Numerous updates underway for Belton

by / 0 Comments / 48 View / December 21, 2017

By Andre James, Correspondent

The Belton City Council Meeting on Tuesday, Dec. 13 started off with the Bell County Tax Assessor-Collector, Shay Luedeke, presenting the council this year’s Child Safety Fee check of $22,233.77. The Child Safety Fee is an additional $0.50 to $1.50 fee collected by the County Tax Assessor-Collector from nonexempt vehicle registrations. This money is then used to fund local school districts’ crossing guard programs, or if none exist, the funds can be used for the district’s health, nutrition, child-abuse prevention and intervention, or drug abuse prevention.
“Since the program started in 2001, we’ve allocated $319,041.19 to the city of Belton,” said Luedeke.
“We will pass it on to the school district so they can take care of our young children and school crossings, so thank you so much,” said Mayor Marion Grayson.
Next, the council discussed authorizing the City Manager to enter into a professional services agreement with Kasberg, Patrick and Associates for the East 6th Ave. Gateway Project. The goal of this project would be to clean up and make 6th Ave more presentable, like what was done with East Central Ave, and would cover from IH-35 to Main St. This would include obtaining new easements and right-of-ways, putting down and replacing sidewalks and lights, and also relocating both wet and dry utilities, which alone is estimated to cost between three to five million dollars. The City Staff’s recommendation to the council was to approve the agreement and start the Preliminary Engineering Services which would cost $67,910 and be funded by the FY18 TIRZ funds. However, while the council agreed that the area needs to be cleaned up, and have its utilities replaced, ultimately felt that the scope of the project was too large for its level of importance, and unanimously voted against it, and to have the plan scaled down and brought back to the council at a later date.
“I think in reality if we’re looking at a $3 to 5 million dollar price tag, and especially with relocating utilities and potentially having to do a lot of infrastructure improvements, that the price tag is maybe going to grow north of $5 million, and that’s probably not going to be the most critical thing for Belton,” said David Leigh. “I think that we get a better product from the engineering services if we decrease the scope at this time instead of study the whole thing because the reality is that from I-35 to about where the old school property is, is a hot mess.”
Next, the council received a presentation from the City Manager about a redesign of the City’s Construction Design Manual which has been unchanged since June 2002. City staff has been working on these revisions for the past two years with the main focuses being to bring the Design Manual up to industry standards and regulatory requirements, on par with other local cities, and striking a balance and compromise between infrastructure preservation and developer costs.
“It’s been about two years of internal and external reviews”, said Angellia Points. ”We’ve worked with KPA (Kasberg, Patrick and Associates) to update this as they have done with other cities.
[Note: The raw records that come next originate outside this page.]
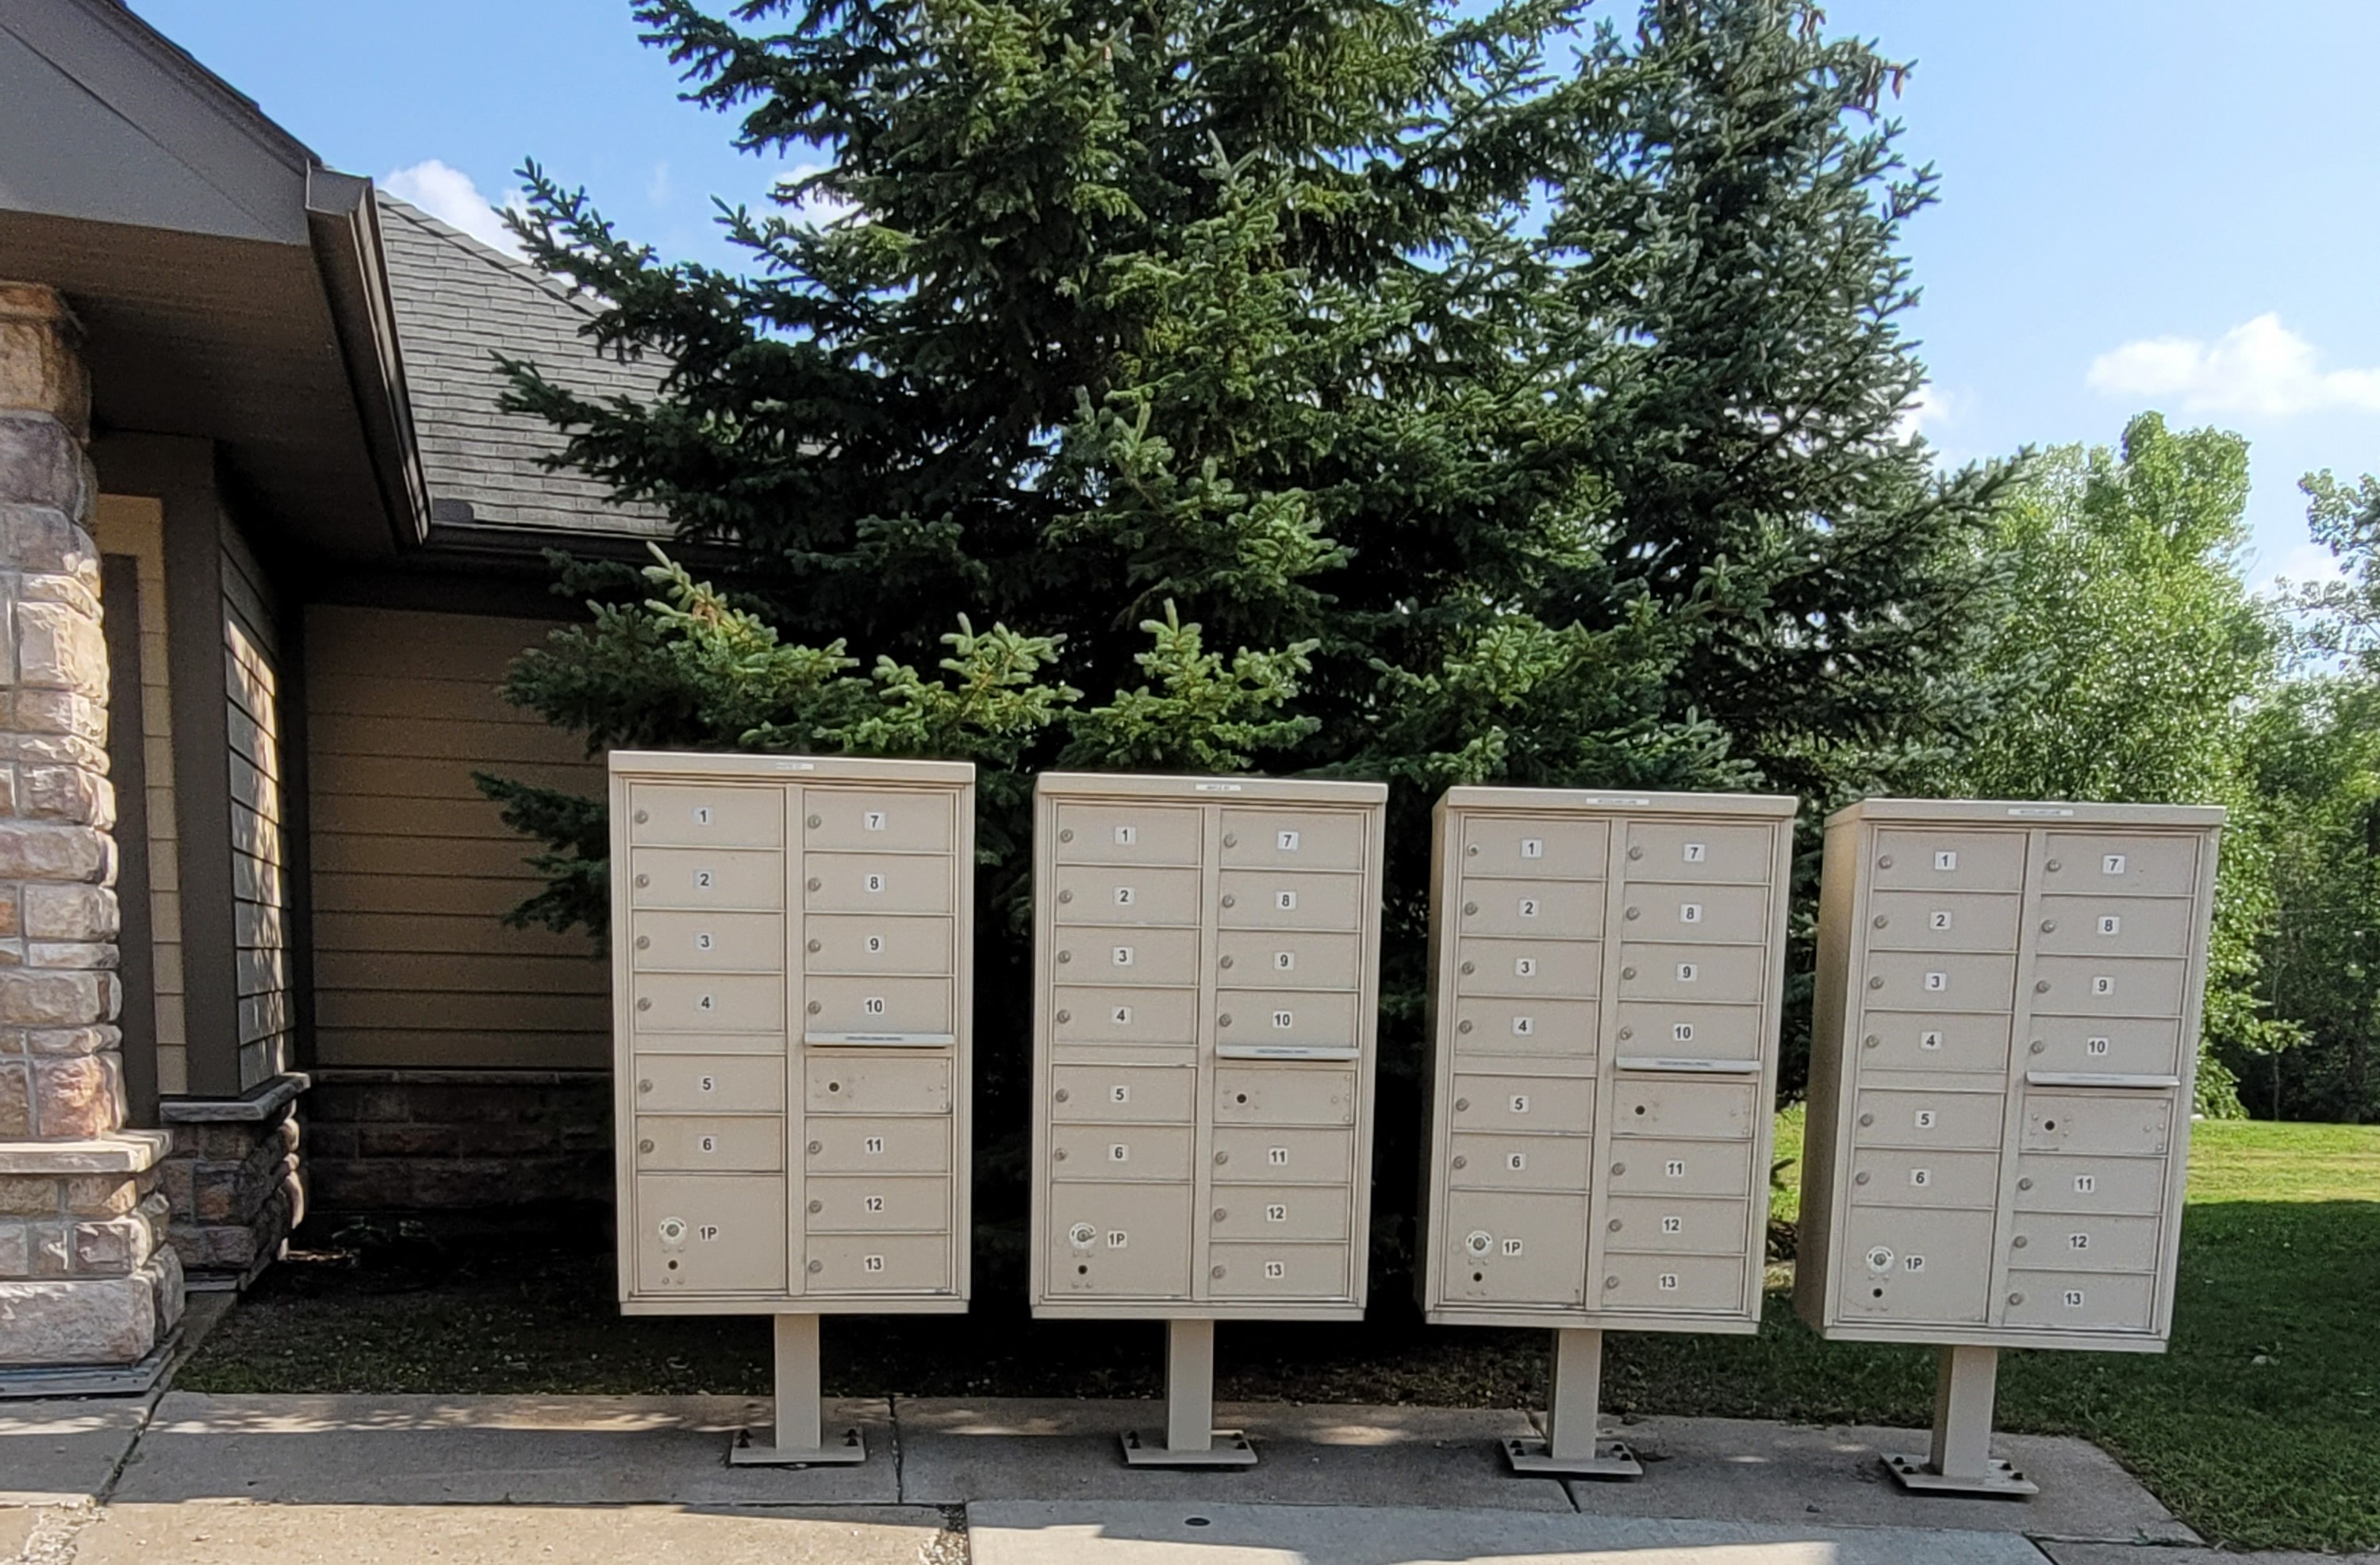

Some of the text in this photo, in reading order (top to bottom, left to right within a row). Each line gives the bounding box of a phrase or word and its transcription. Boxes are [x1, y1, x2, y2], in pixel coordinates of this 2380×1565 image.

[699, 810, 707, 823] 1
[870, 815, 879, 828] 7
[1121, 829, 1129, 842] 1
[1284, 834, 1292, 847] 7
[1527, 842, 1535, 854] 1
[1691, 846, 1699, 859] 7
[1940, 854, 1949, 867] 1
[2109, 858, 2119, 871] 7
[700, 873, 709, 886] 2
[869, 876, 879, 890] 8
[1120, 889, 1129, 903] 2
[1281, 894, 1290, 907] 8
[1525, 901, 1534, 915] 2
[1686, 907, 1695, 920] 8
[1936, 914, 1945, 927] 2
[2104, 919, 2113, 932] 8
[701, 934, 710, 948] 3
[869, 938, 879, 951] 9
[1119, 949, 1127, 962] 3
[1280, 954, 1288, 967] 9
[1521, 961, 1530, 974] 3
[1683, 965, 1691, 979] 9
[1931, 976, 1940, 988] 3
[2098, 980, 2107, 992] 9
[701, 996, 710, 1009] 4
[866, 999, 882, 1013] 10
[1116, 1009, 1125, 1021] 4
[1274, 1014, 1291, 1026] 10
[1518, 1020, 1527, 1032] 4
[1675, 1026, 1691, 1039] 10
[1926, 1034, 1936, 1046] 4
[2088, 1040, 2106, 1053] 10
[703, 1077, 712, 1091] 5
[1115, 1088, 1124, 1101] 5
[1514, 1097, 1523, 1110] 5
[1921, 1113, 1929, 1126] 5
[703, 1137, 712, 1151] 6
[866, 1139, 881, 1152] 11
[1115, 1146, 1123, 1159] 6
[1270, 1150, 1285, 1163] 11
[1511, 1155, 1521, 1168] 6
[1668, 1163, 1683, 1175] 11
[1915, 1172, 1925, 1184] 6
[2077, 1178, 2092, 1191] 11
[866, 1198, 882, 1210] 12
[1268, 1206, 1284, 1219] 12
[1664, 1218, 1679, 1231] 12
[699, 1226, 717, 1240] 1P
[1108, 1233, 1125, 1245] 1P
[1503, 1241, 1521, 1253] 1P
[2070, 1236, 2087, 1249] 12
[865, 1257, 882, 1270] 13
[1266, 1264, 1282, 1276] 13
[1906, 1257, 1923, 1270] 1P
[1660, 1275, 1676, 1288] 13
[2065, 1292, 2081, 1305] 13
We have had three major reviews with our stakeholder community, with contractors, builders, TABA, engineers, and etc. We want to encourage development, we definitely don’t want to make the price of development just outrageous, but we also need to keep in mind the preservation and the protection of city infrastructure.”
Some of the areas included in these changes include requirements for enforcement of a maintenance bond during Warranty Periods, and new requirements for pavement, drainage, general utilities, water, and wastewater their facilities such as offsite manholes and lift stations. The city council agreed to proceed with the next steps, which is to hold a workshop and public hearing which will be decided on next month.
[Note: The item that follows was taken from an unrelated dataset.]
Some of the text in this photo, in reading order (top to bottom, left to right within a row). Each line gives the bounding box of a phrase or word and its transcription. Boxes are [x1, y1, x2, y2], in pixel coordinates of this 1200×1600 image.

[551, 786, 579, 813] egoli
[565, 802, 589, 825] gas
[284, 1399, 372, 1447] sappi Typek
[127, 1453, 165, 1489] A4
Last, the council members received a presentation on the Hunden and Partners’ report regarding a potential conference center and hotel. The report looked at three different sites: Bell County Expo Center, Downtown Belton, and Lake Belton. Of the three, the Expo Center was the strongest candidate with its proximity to IH-35 and expo events, and its only weakness is how far it is from restaurants and food chains, and had an outlook of development in the near future. However, due to the market and demographics, none of the development scenarios seemed feasible, with the report saying that the market may not yet be mature for any of the business model options. When the council members were asked if they would be open to incentivizing developers to build a new hotel or conference center through tax abatements or other funding mechanisms, the council seemed to agree they could be possible options if a developer is serious, but if demand is high enough business will come.
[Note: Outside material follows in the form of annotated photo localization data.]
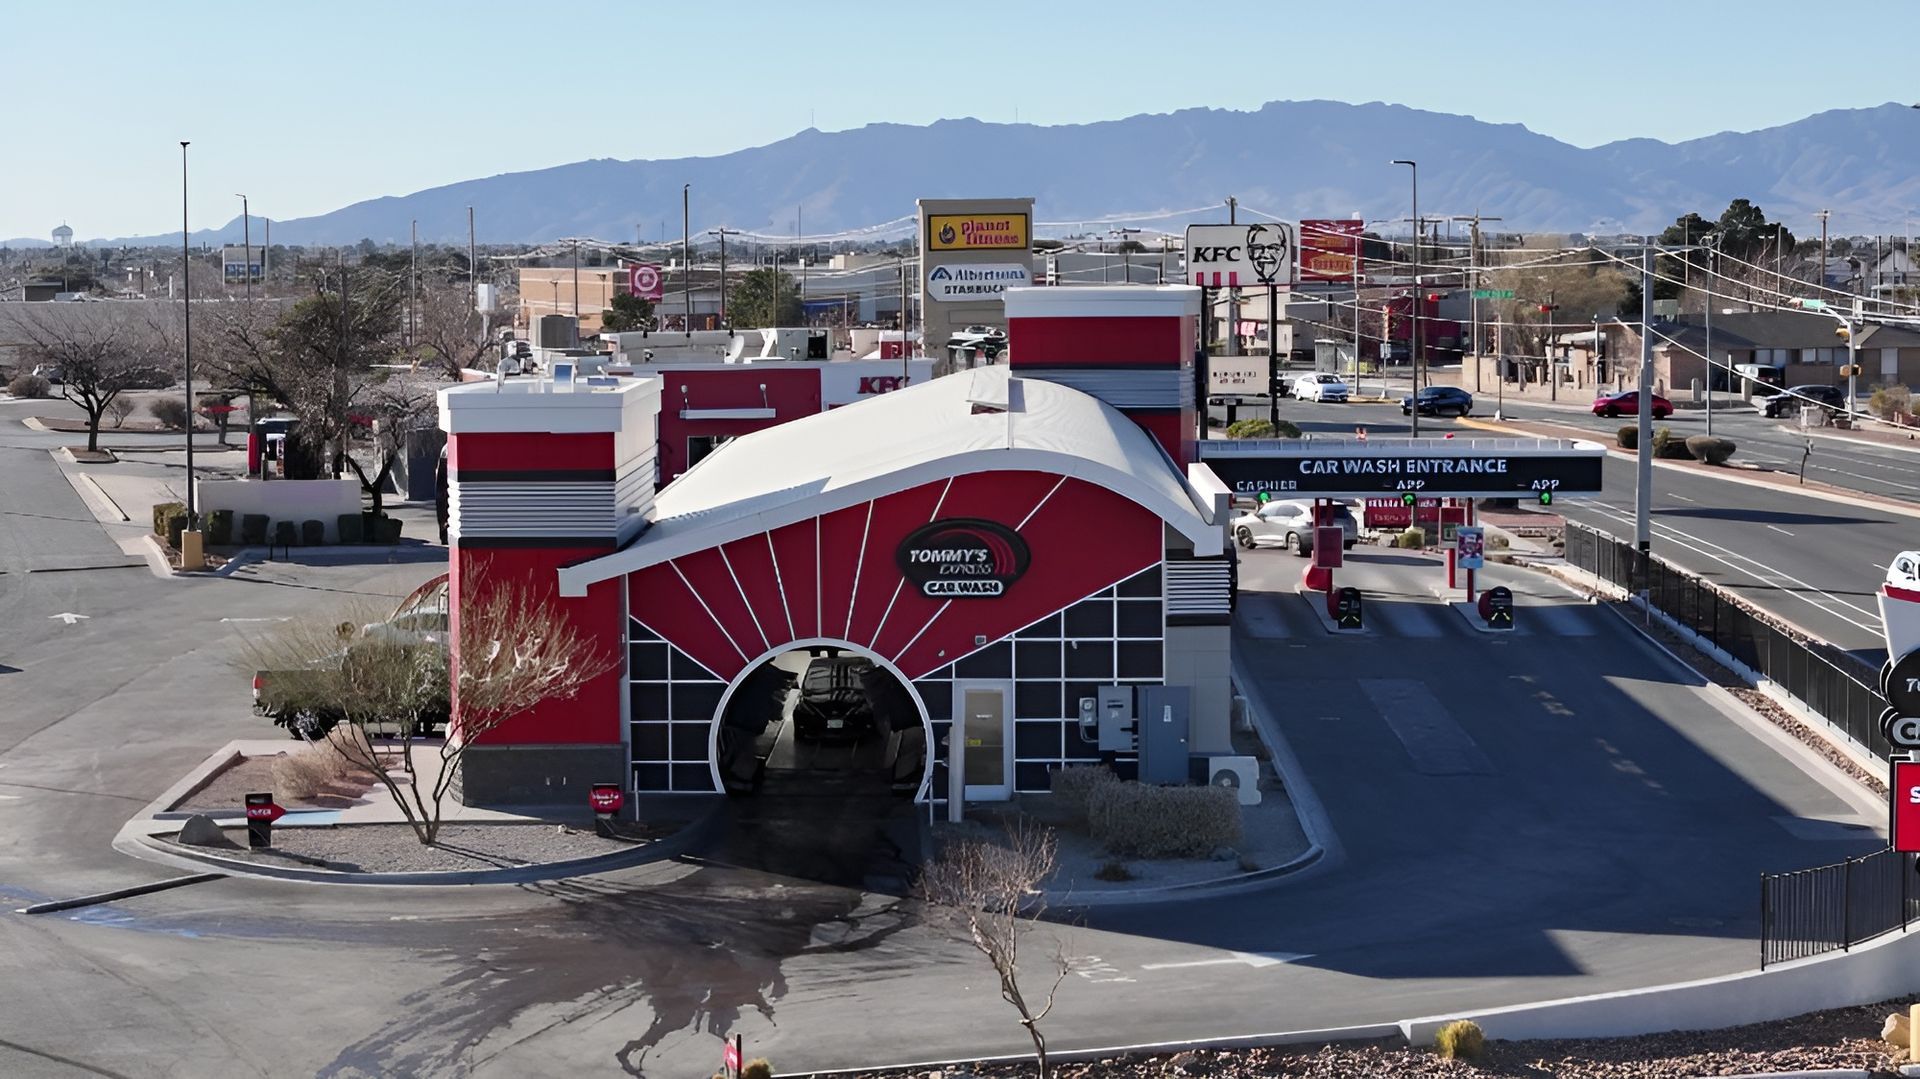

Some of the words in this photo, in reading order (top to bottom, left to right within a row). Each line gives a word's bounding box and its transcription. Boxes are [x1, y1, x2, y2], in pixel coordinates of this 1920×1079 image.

[1192, 246, 1241, 263] KFC
[1300, 460, 1339, 474] CAR
[1342, 459, 1400, 474] WASH
[1406, 459, 1508, 473] ENTRANCE
[1236, 480, 1297, 491] CASHIER
[1396, 479, 1425, 490] APP
[1531, 479, 1560, 490] APP
[910, 549, 988, 563] TOMMY'S
[927, 581, 955, 594] CAR
[957, 581, 1000, 594] WASH
“I think this report has a lot of good information in it”, said Mayor Grayson. ”I think having it out there, if any businesses are interested in putting something up in our community, this is going to valuable to them.”
“As far as incentives, I think that if it makes sense for business, businesses will make it work”, said Leigh. “I think a lot of times communities incentivize for failure. A community can give so many incentives, that the incentive is to move in there but not to stay there.”